__Exercise aim__.
Repeat everything in the data exactly except images.

--- --- ---

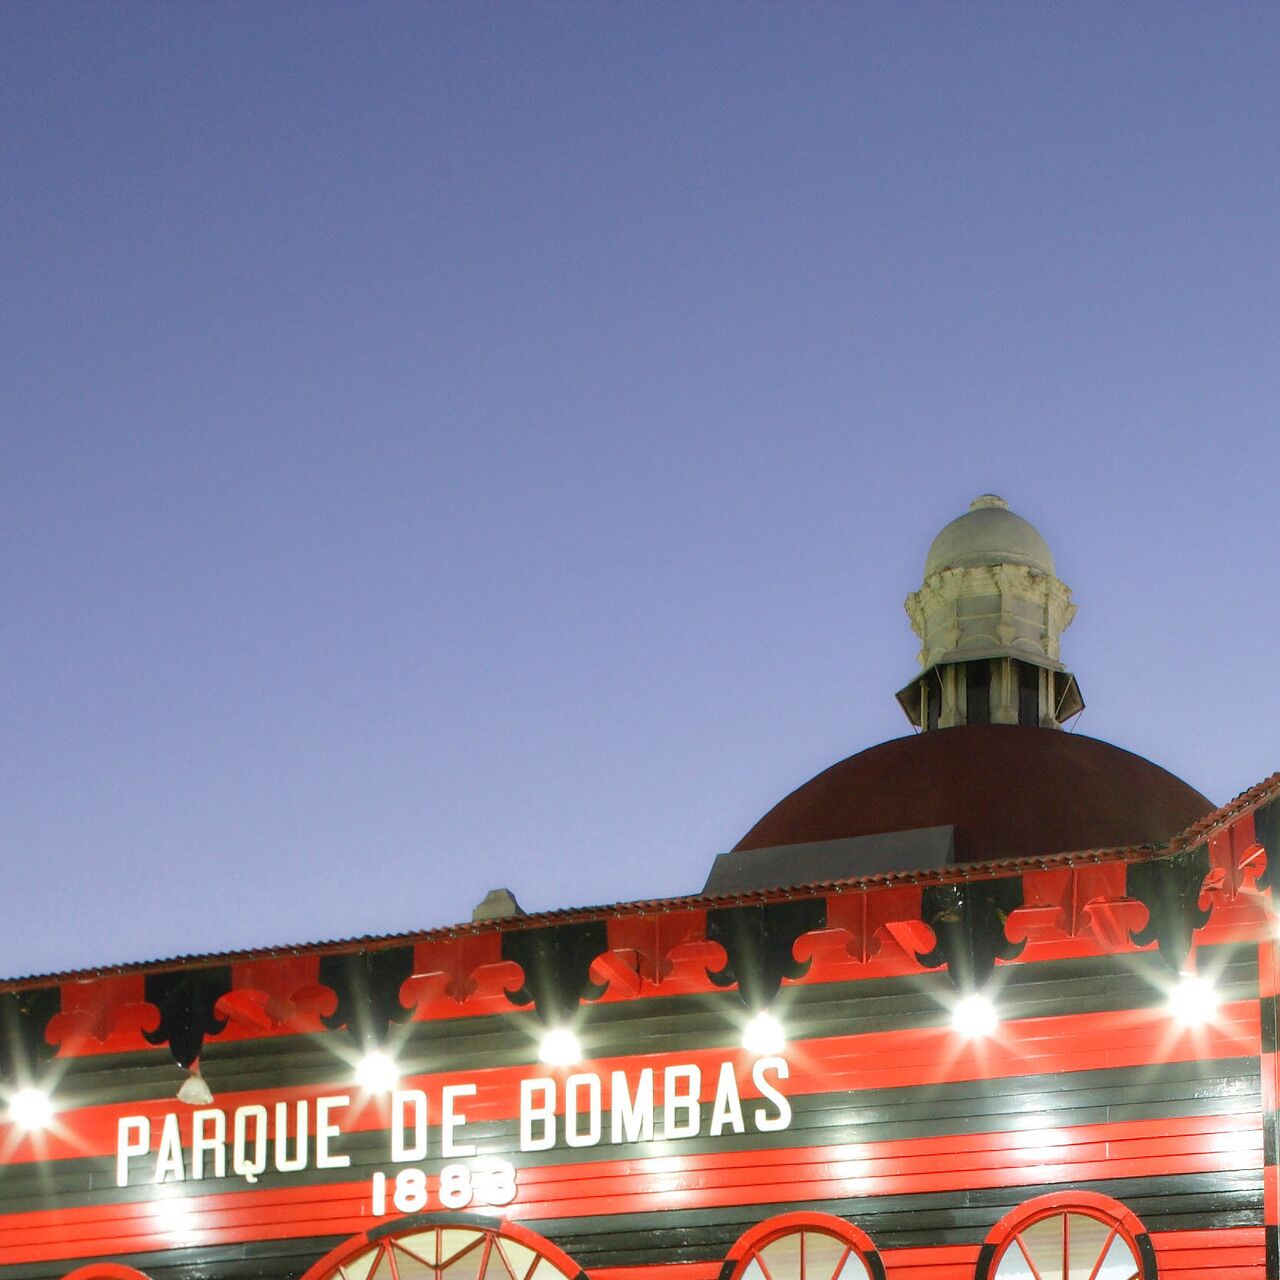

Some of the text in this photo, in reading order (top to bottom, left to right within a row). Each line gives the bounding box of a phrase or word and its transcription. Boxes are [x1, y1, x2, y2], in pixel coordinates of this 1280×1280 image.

[117, 1056, 792, 1187] PARQUE DE BOMBAS
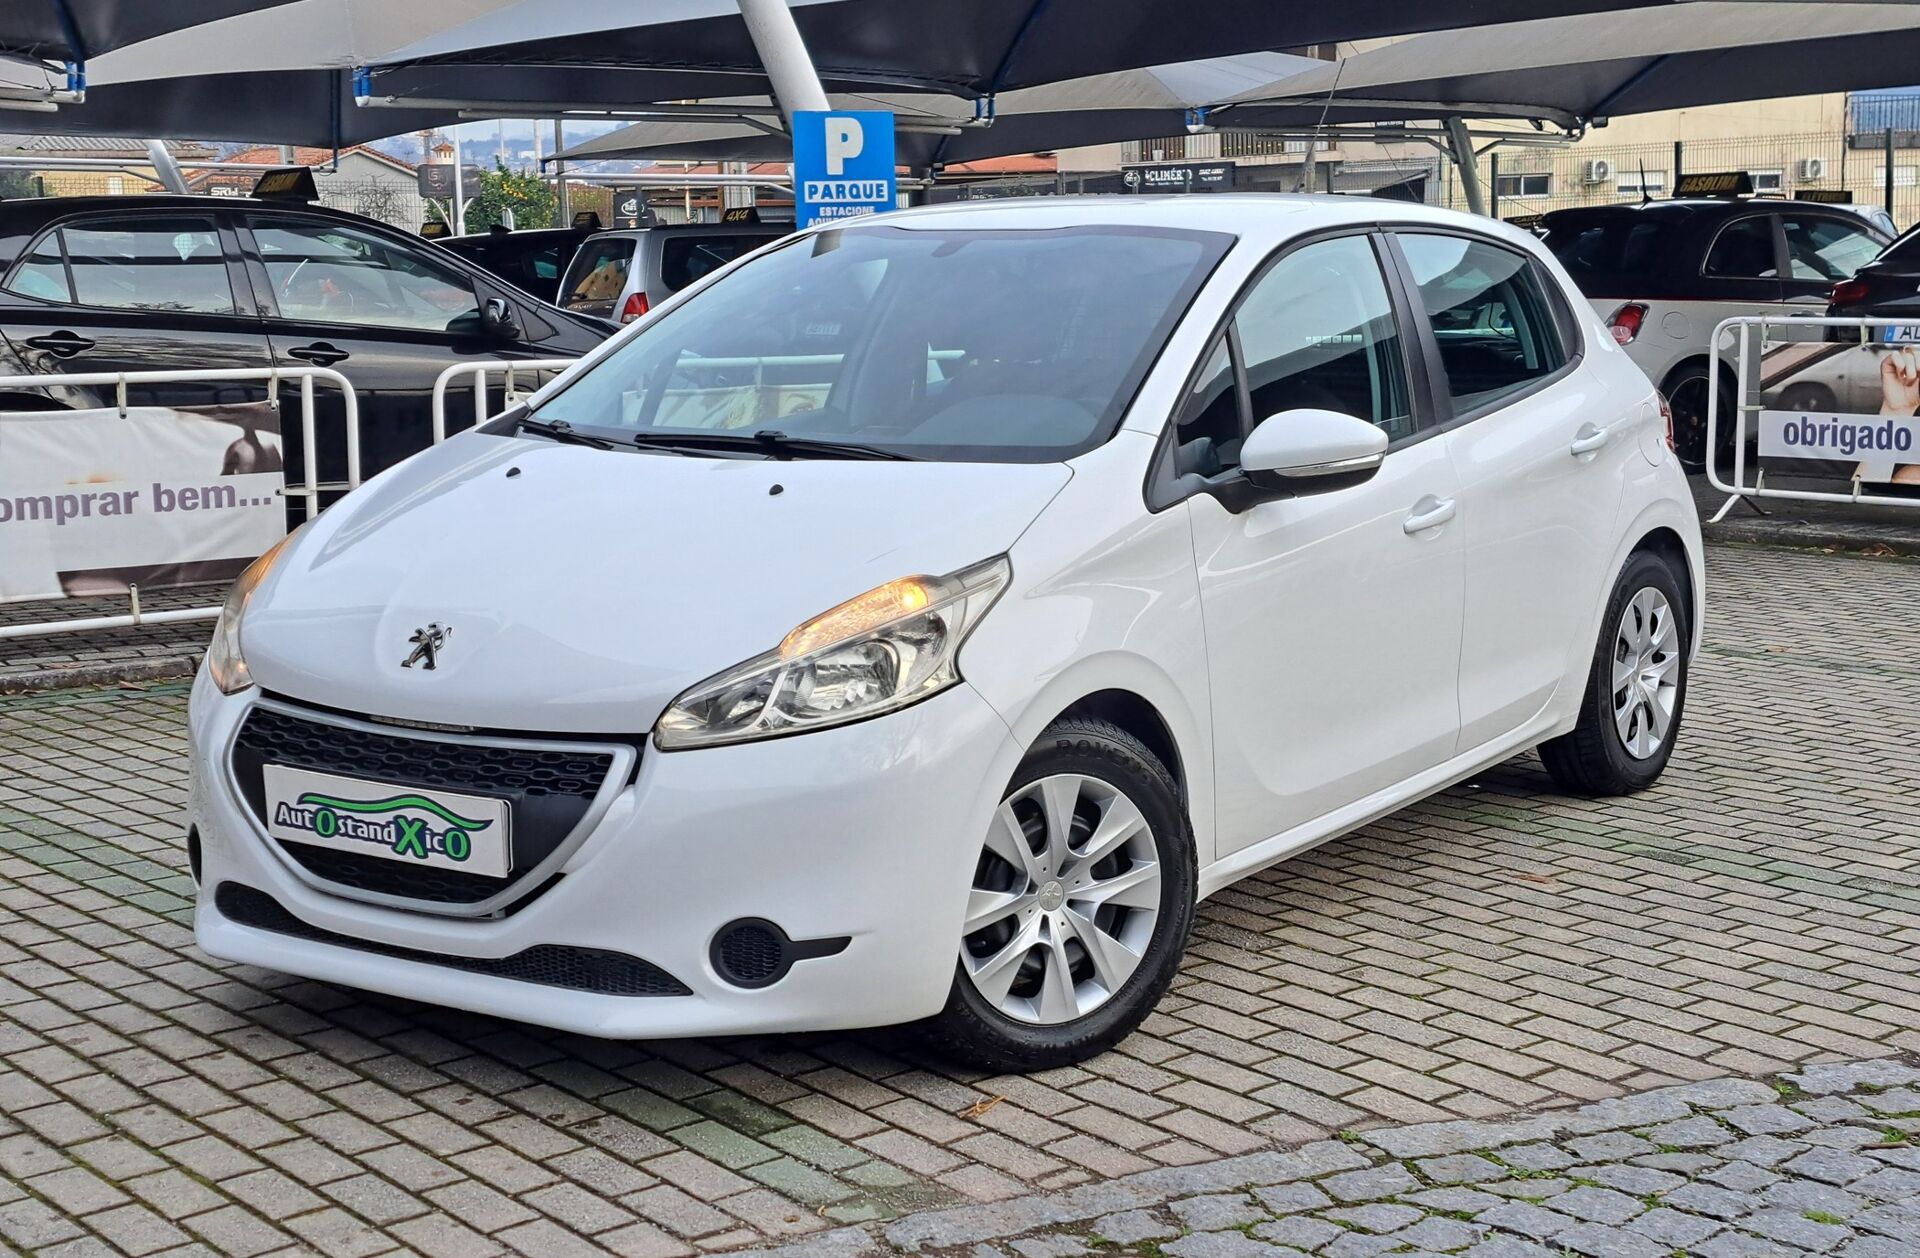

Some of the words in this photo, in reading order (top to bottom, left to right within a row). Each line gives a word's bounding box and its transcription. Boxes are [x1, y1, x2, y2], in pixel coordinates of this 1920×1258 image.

[825, 117, 864, 175] P
[808, 184, 884, 199] PARQUE
[727, 209, 750, 222] 4X4
[820, 206, 874, 216] ESTACIONE
[1783, 416, 1912, 455] obrigado
[152, 483, 272, 513] bem...

--- --- ---

__Written solution__.
Some of the text in this photo, in reading order (top to bottom, left to right within a row). Each line gives the bounding box of a phrase or word and its transcription. Boxes are [x1, y1, x2, y2], in pixel coordinates of this 1280×1280 image.

[117, 1056, 792, 1187] PARQUE DE BOMBAS

Some of the words in this photo, in reading order (top to bottom, left to right within a row). Each line gives a word's bounding box and its transcription. Boxes are [x1, y1, x2, y2], in pixel coordinates of this 1920×1258 image.

[825, 117, 864, 175] P
[808, 184, 884, 199] PARQUE
[727, 209, 750, 222] 4X4
[820, 206, 874, 216] ESTACIONE
[1783, 416, 1912, 455] obrigado
[152, 483, 272, 513] bem...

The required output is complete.